→ ASSIGNMENT
Copy out the whole listing exactly as written, leaving the pictures behind.

→ DATA SHOWN
--- START ---

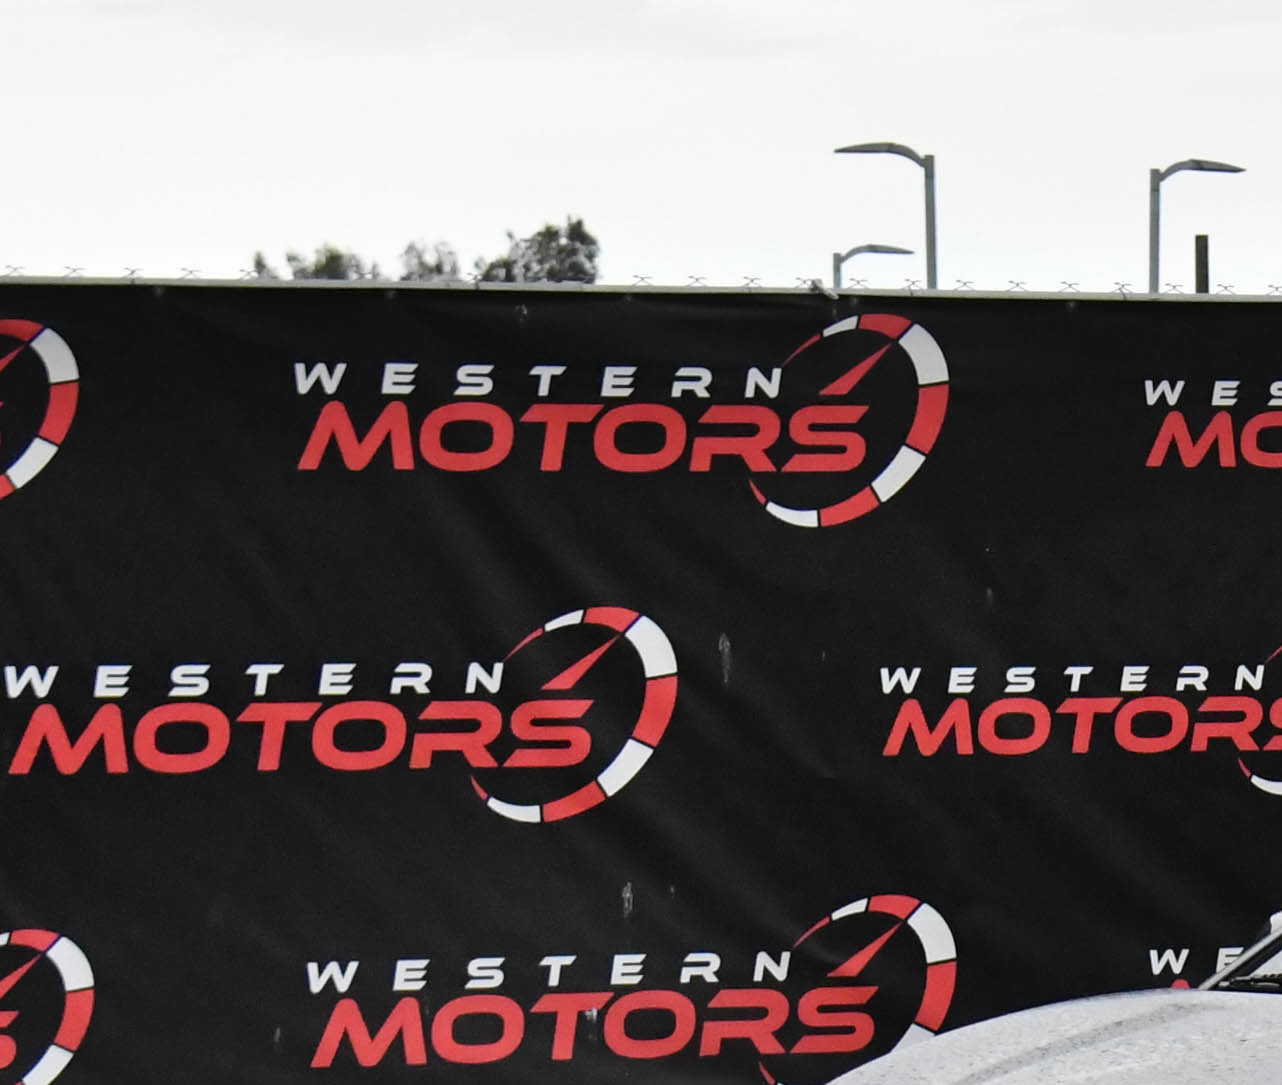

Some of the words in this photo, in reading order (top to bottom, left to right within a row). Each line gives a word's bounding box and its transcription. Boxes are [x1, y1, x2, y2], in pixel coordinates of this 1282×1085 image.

[295, 362, 782, 398] WESTERN
[298, 400, 869, 473] MOTORS
[4, 662, 504, 699] WESTERN
[880, 664, 1265, 694] WESTERN
[7, 698, 594, 775] MOTORS
[307, 951, 791, 994] WESTERN
[310, 985, 879, 1068] MOTORS

--- END ---

→ OUTPUT BELOW
Some of the words in this photo, in reading order (top to bottom, left to right within a row). Each line gives a word's bounding box and its transcription. Boxes are [x1, y1, x2, y2], in pixel coordinates of this 1282×1085 image.

[295, 362, 782, 398] WESTERN
[298, 400, 869, 473] MOTORS
[4, 662, 504, 699] WESTERN
[880, 664, 1265, 694] WESTERN
[7, 698, 594, 775] MOTORS
[307, 951, 791, 994] WESTERN
[310, 985, 879, 1068] MOTORS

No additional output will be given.